Thursday, October 04, 2018
The ABCs of how to save with certificates
By Ali Hunzeker
Dupaco's Joe Bisenius sits one-on-one with attendee Rebecca Boltz to answer questions following Dupaco's homebuying seminar on Tuesday evening at NewBo City Market in Cedar Rapids, Iowa. If you’re saving for a down payment on a home, consider taking advantage of a term-share certificate, the credit union’s version of a bank CD (Certificate of Deposit).
When’s the last time you thought about your savings goals?
With interest rates on the rise—the U.S. Prime Rate is at 5.25 percent—it’s a good time to reevaluate those goals and determine whether your savings plan still makes sense for you.
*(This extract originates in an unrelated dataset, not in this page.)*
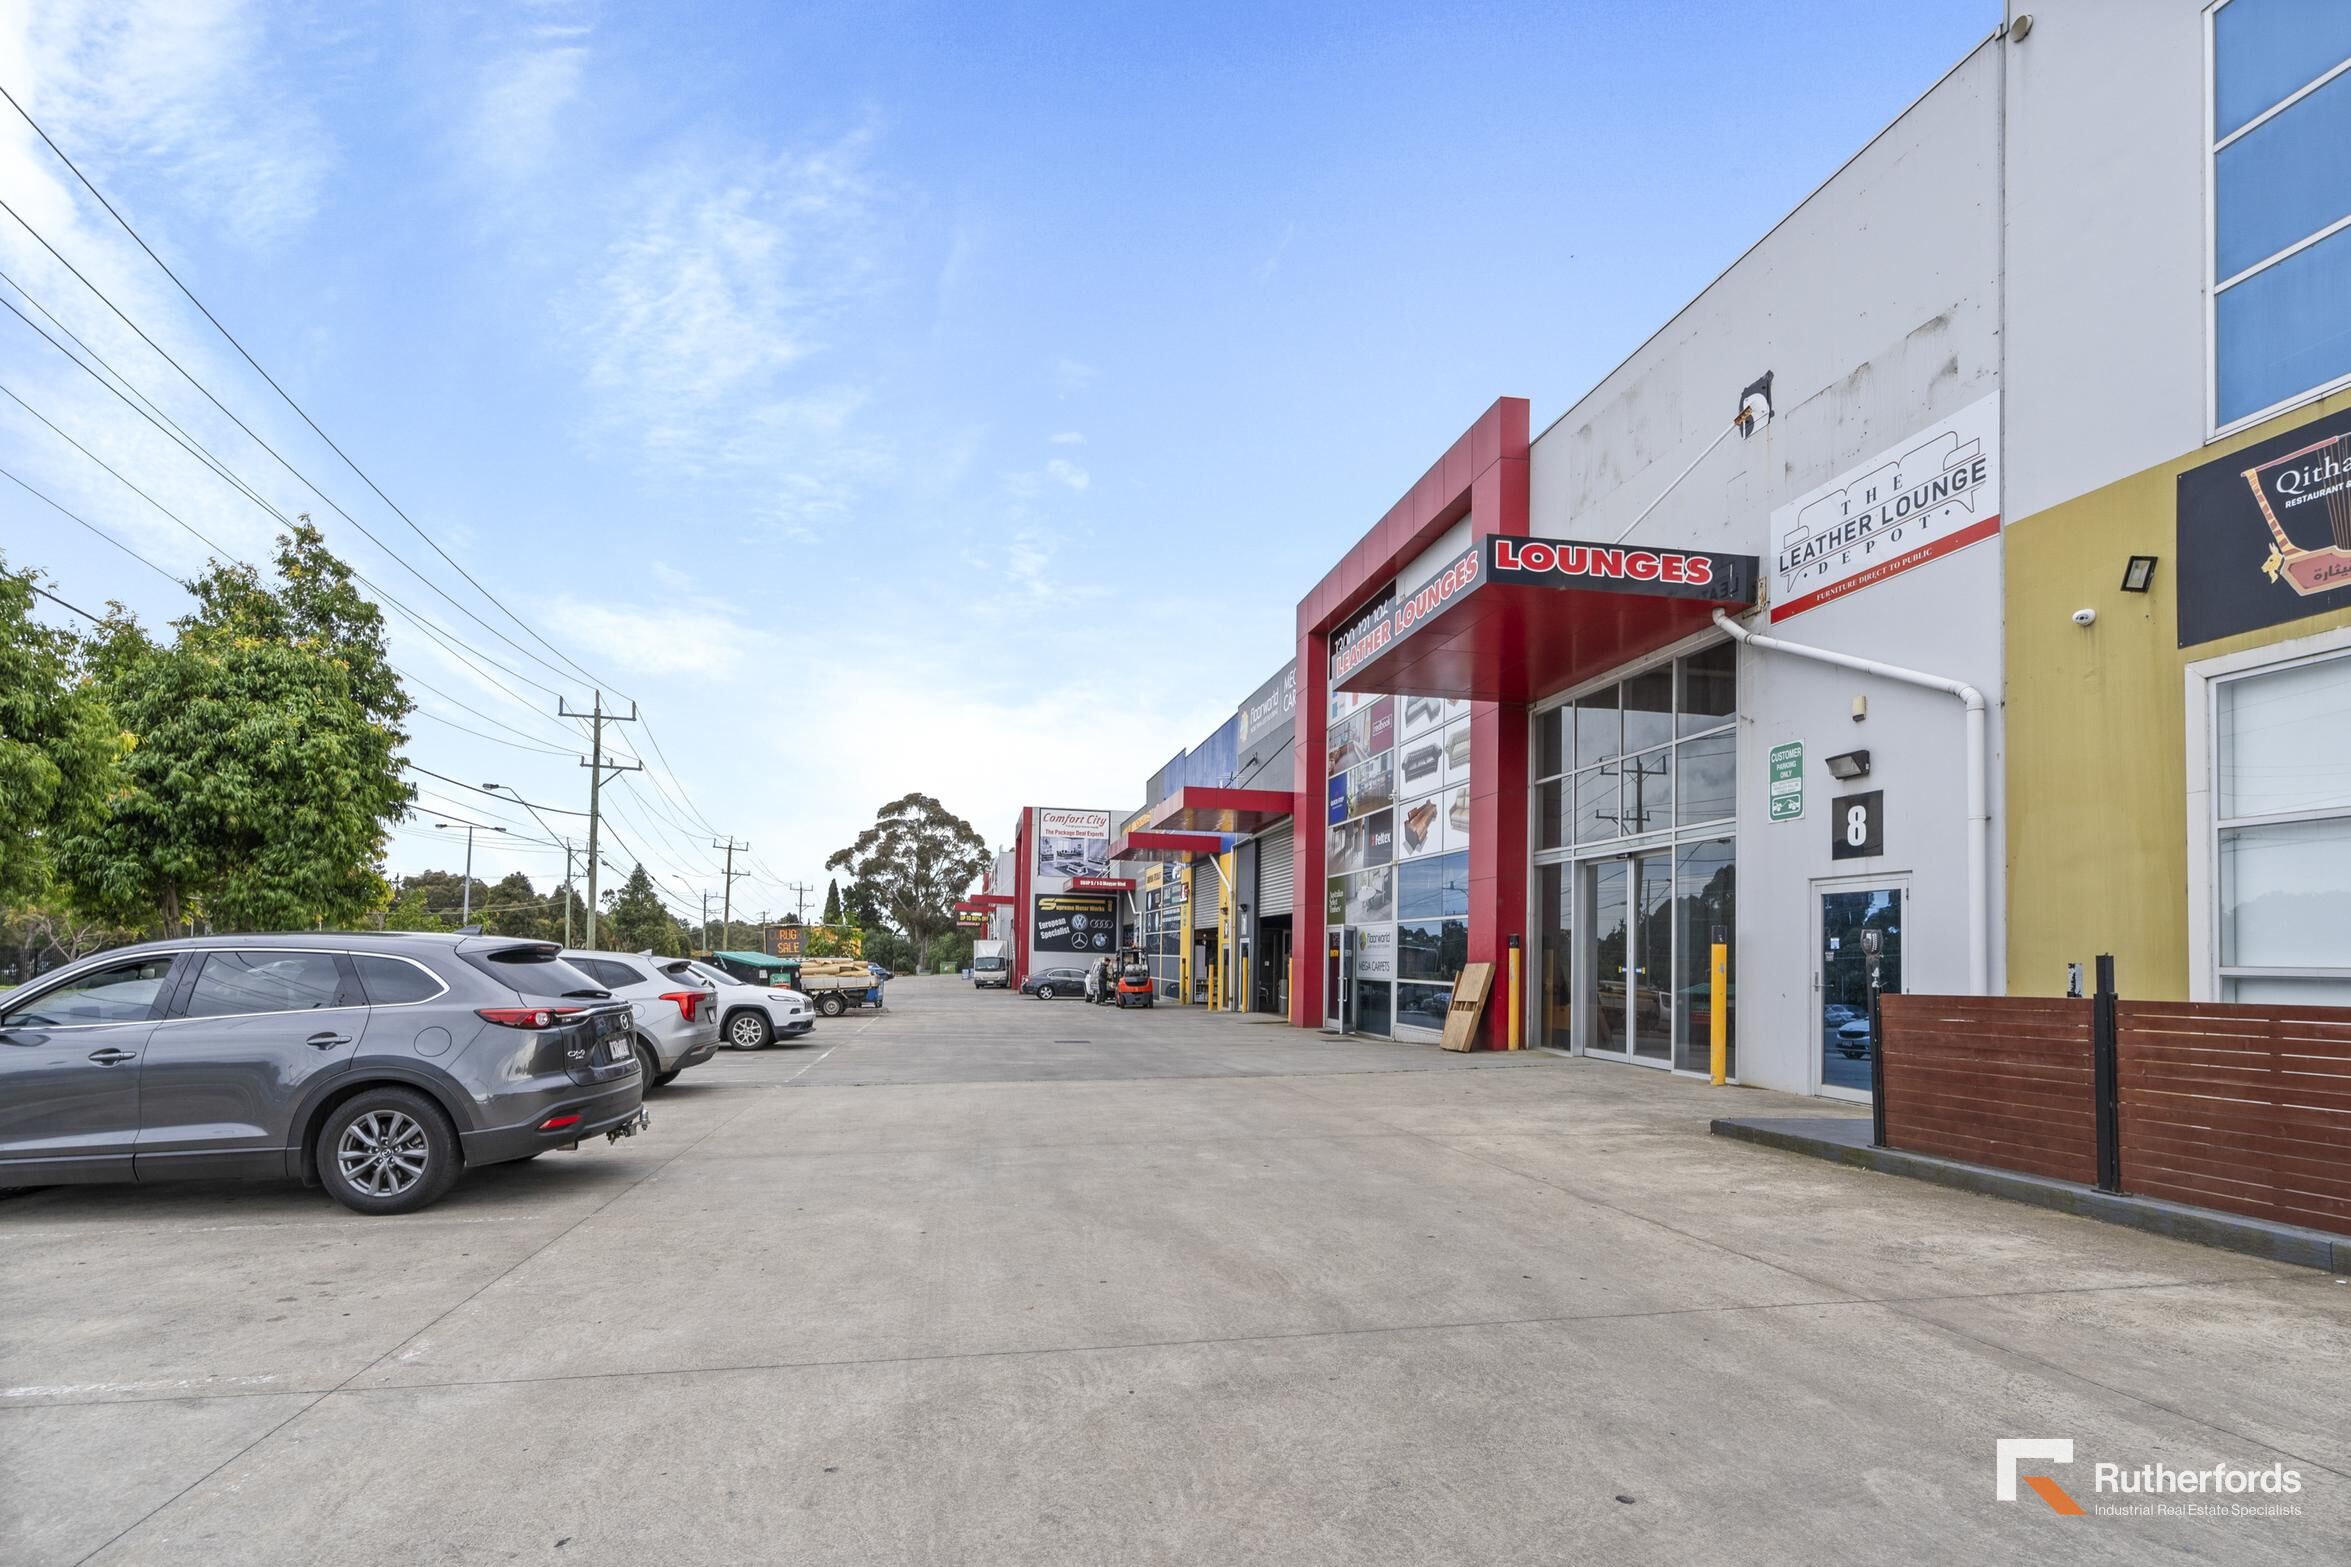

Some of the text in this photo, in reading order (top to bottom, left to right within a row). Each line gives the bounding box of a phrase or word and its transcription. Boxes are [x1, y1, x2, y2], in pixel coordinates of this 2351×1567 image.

Here’s why: When interest rates rise, savers generally win in the form of higher interest on their savings.
So if you’re saving for a down payment on a home, for instance, it’s a good time to consider taking advantage of a term-share certificate, the credit union’s version of a bank CD (Certificate of Deposit).
How a certificate works
With a term-share certificate, you lock your funds in for a specified amount of time. Certificates usually earn a higher interest rate than your normal savings accounts. The money compounds interest during the duration of the term.
Dupaco has terms as short as six months and as long as 60 months, as well as specials with different terms and rates than its normal certificates. Typically, the longer the term, the higher the interest rate will be.
When it’s a useful savings strategy
Term-share certificates can be a worthwhile way to save for larger purchases, such as a house, down the road.
If you know you aren’t going to need the funds for a certain period of time, why not get paid more for it?
It’s also a great way to save, because the funds are out of sight, out of mind. You’ll still see the funds on your statements and Shine Online and Mobile Banking, but you aren’t able to access the funds without calling us and paying a penalty to take it out early. (There’s a one-year loss of interest on the funds you take out early.)
In other words: It forces you to save the money instead of spend it!
Certificates of deposit are a safe and secure option too, because they’re federally insured. The National Credit Union Association insures your deposit up to $250,000.
What to keep in mind
If you think you’re going to need the funds for any reason while they’re locked in the certificate, you might want to rethink your plan of attack. Remember, you can get funds out early, but you have to pay a penalty to do so.
Instead, it might be worth putting a smaller amount in a certificate and depositing the remainder into a liquid money market account. The money market still earns higher interest than your regular savings accounts, so you’re still making money, but you can access those funds whenever you need to.
Ideally, you want to keep at least three to six months’ worth of expenses accessible in an emergency fund.